Mr. Carmichael went on. “You've been working your tail off for me, Shelby, and not even for a penny.”

“I wanted to,” I said.

“I know you did, and I'm expressing my appreciation.” His teeth gleamed. “I never did have a daughter or granddaughter, and after Bonita died . . . Well, I had the Ritz. It's been my hobby, my delight, even though I never did bring in much money with it.
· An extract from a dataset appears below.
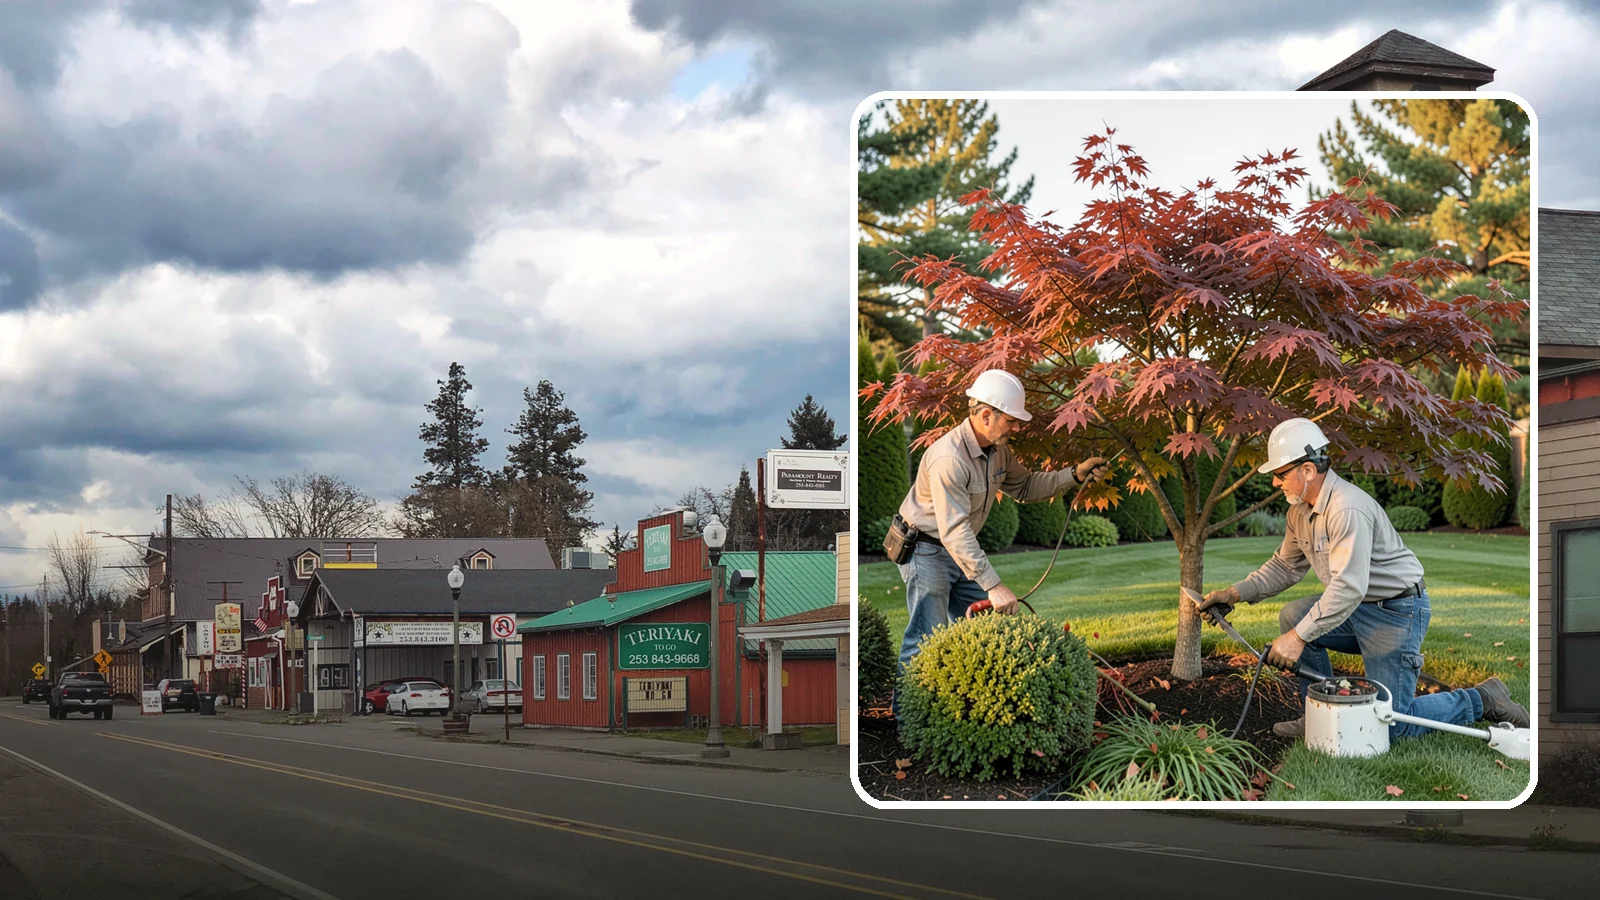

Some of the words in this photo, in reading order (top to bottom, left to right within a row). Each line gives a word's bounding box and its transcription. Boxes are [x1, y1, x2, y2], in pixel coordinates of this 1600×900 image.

But over the years, I haven't been too bad about living off investment dividends and the savings Bonita and I put away, so an old man needs things to spend his cash on. I'd like to invest in you, Shelby, but on one condition.”

I was so moved that I pressed my lips together to keep my bottom one from trembling. Mom was touched, too, her eyes glassy with tears.

After I got myself together, I said, “Just name your condition, Mr. C.”

“All right. I'd like you to spend a little time here and there with this social media stuff for the Ritz, and that way, you'll maintain this scholarship. Sound like a deal?”

I jumped out of the seat to hug him, and Mom joined in. Later, when I told Evie and Jadyn about my stroke of luck, they hugged me just as hard, seeing how this good news had pulled me up by the bootstraps and out of the darkness I'd been in lately.

But even through the light, Micah never left me, because he would've celebrated with me if he were here, would've been proud of me.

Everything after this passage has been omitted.